One of the more memorable contests was the 1985 Toyota Cup between Juventus and Argentinos Juniors. Juventus midfielder Michel Platini came close to scoring one of the game’s most beautiful goals ever in the 68th minute when he outwitted a defender by skilfully controlling the ball with his chest and his right foot before firing into the net. But the referee spotted an offside and the goal was disallowed.
The French star lay on the pitch, resting his head in his hands in disgust. Juventus went on to win 4-2 on penalties after a 2-2 draw and Platini was named “Man of the Match”. The picture of Platini looking forlorn not only highlighted his disappointment, but also drew attention to the state of the pitch at the National Stadium, which was worn and brown when it should have been lush and green.
Another year, a club official from one of the Toyota Cup finalists asked the organisers after training at the stadium: “So, where is the venue for tomorrow’s final?” Criticism from the Toyota Cup teams prompted the stadium officials to look into ways of keeping the grass green during the dry winter months.

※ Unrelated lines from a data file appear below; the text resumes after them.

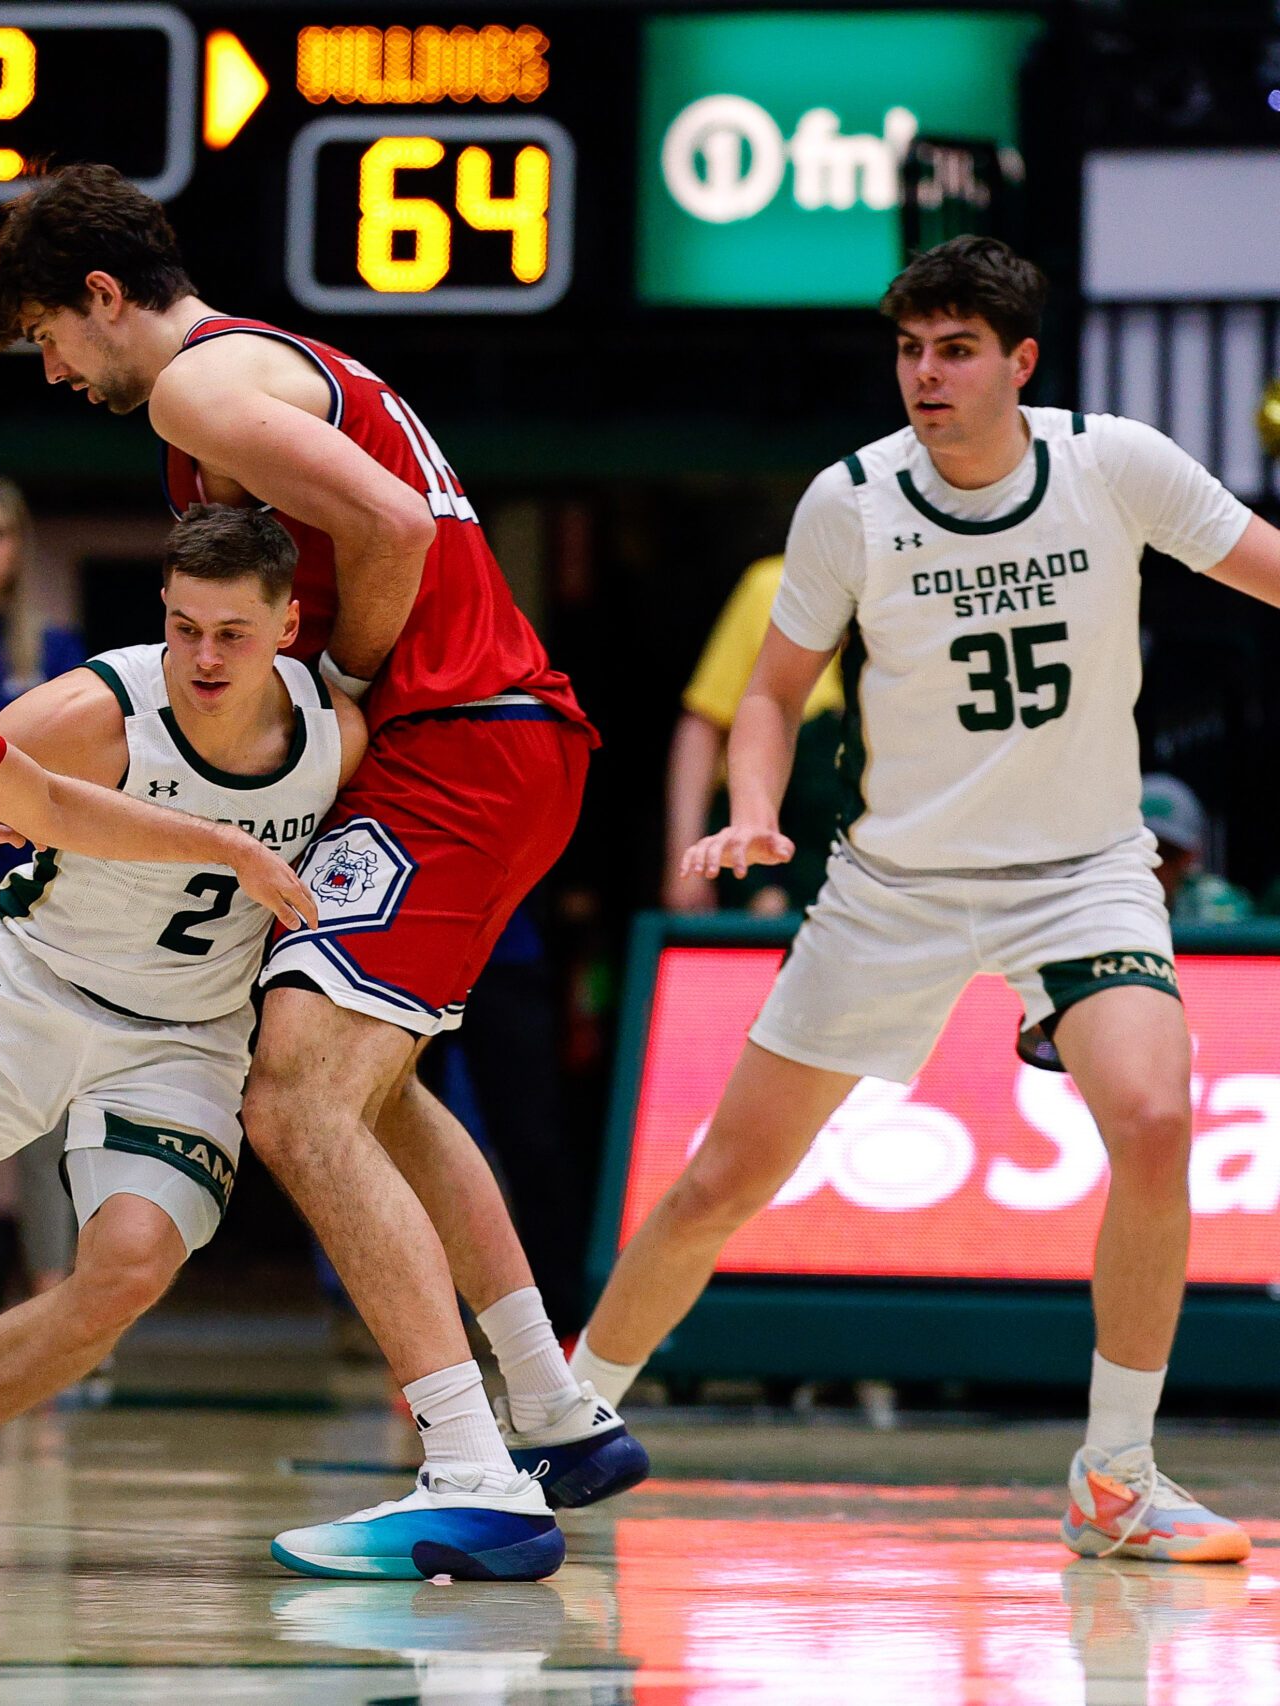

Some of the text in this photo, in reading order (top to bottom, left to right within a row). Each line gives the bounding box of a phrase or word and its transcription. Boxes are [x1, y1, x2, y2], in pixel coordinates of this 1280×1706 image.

[356, 135, 552, 294] 64
[912, 549, 1090, 597] COLORADO
[953, 583, 1057, 618] STATE
[950, 621, 1072, 732] 35
[156, 871, 240, 956] 2
[157, 1133, 236, 1206] RAM

“The Toyota Cup was a key turning point for us,” says Shigeru Watanabe, head of the National Stadium’s Sports Turf department, which is part of the National Agency for the Advancement of Sports and Health. The 49-year-old has put a lot of work into pitch improvements at the National Stadium. He and his senior colleagues eventually found a way of keeping the pitch in shape and, following the World Athletic Championships in 1991, they introduced a winter overseeding method using two types of grass seeds. The improvements in the condition of the pitch could be seen when the inaugural J.League match was played on 15 May 1993.
When Japan announced its venues for the co-hosted 2002 FIFA World Cup™, one of the most frequently asked questions was why the National Stadium was not on the list. Limited parking space and the noise that would affect neighbouring residential areas were cited as potential problems and Tokyo was not included as a venue for the FIFA World Cup™.

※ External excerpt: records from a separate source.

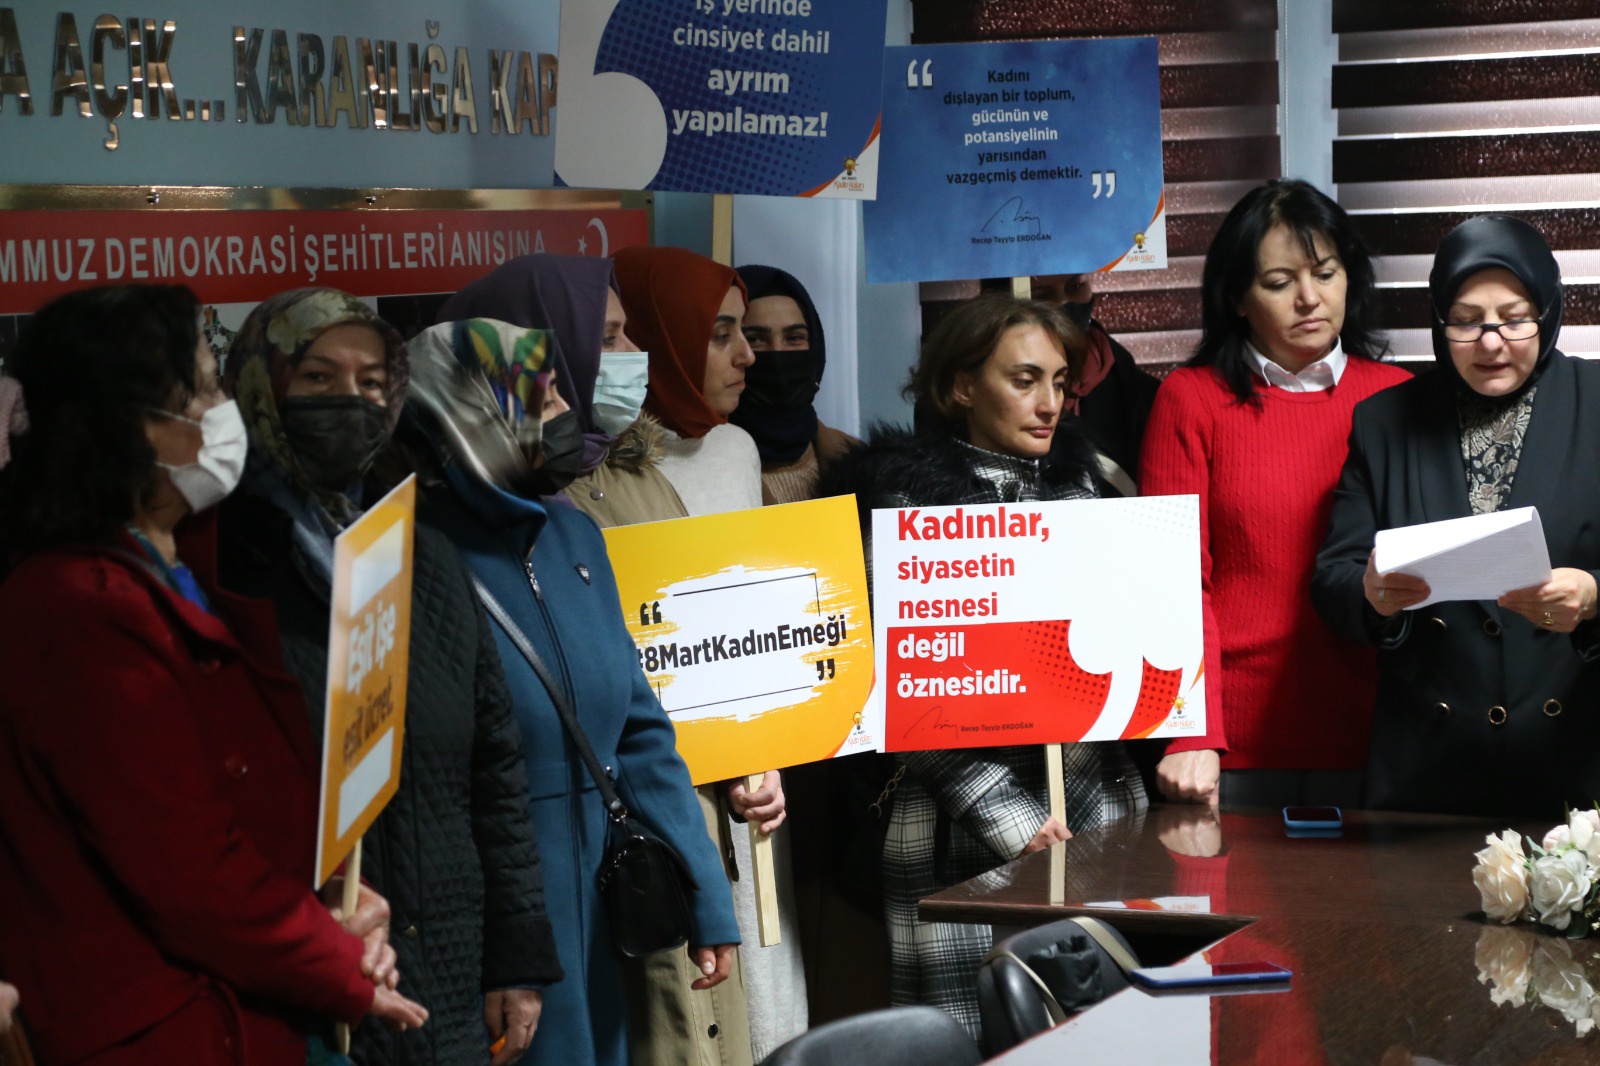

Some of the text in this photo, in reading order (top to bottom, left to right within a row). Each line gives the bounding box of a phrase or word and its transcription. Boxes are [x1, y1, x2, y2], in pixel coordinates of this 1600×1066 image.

[672, 22, 830, 54] cinsiyet dahil
[51, 12, 225, 150] AÇIK...
[232, 20, 479, 135] KARANLIĞA
[707, 68, 790, 96] ayrım
[987, 69, 1030, 84] Kadını
[943, 88, 1076, 106] dışlayan bir toplum,
[671, 106, 829, 138] yapılamaz!
[972, 109, 1049, 126] gücünün ve
[964, 126, 1058, 146] potansiyelinin
[977, 148, 1047, 165] yarısından
[946, 165, 1083, 185] vazgeçmiş demektir.
[105, 225, 297, 280] DEMOKRASİ
[304, 222, 445, 282] ŞEHİTLERİ
[450, 230, 547, 267] ANISINA
[897, 506, 1050, 543] Kadınlar,
[897, 552, 1015, 584] siyasetin
[898, 591, 998, 619] nesnesi
[897, 631, 965, 663] değil
[896, 668, 1027, 699] öznesidir.

Since 2005, however, the National Stadium — now ‘with a reduced capacity of 50,339 — has served as one of the venues for the FIFA Club World Cup and is preparing for that role again in December. “These matches are when our work is evaluated,” Watanabe said. “Since our work appears on television to viewers across the country and the world, it encourages us in our efforts.”
As several stadiums were built around the country ahead of the 2002 FIFA World Cup™, the National Stadium no longer has to worry about overuse as it did before. Last year, the stadium hosted 45 football matches — a sharp decline from a decade earlier — and 37 track-and-field events, in addition to three rugby union matches. A limited number of music concerts are also staged at the stadium, which features a museum, library and gym within its walls. “Because we host a lot fewer matches these days, we cannot make any excuses for the condition of the pitch,” noted Watanabe. “We have to offer the best conditions at all times.” The National Stadium enjoys a high profile in Japan and beyond and continues to be regarded as the “Field of Dreams” for many footballers. Even at 50, it still has many dreams left to fulfil.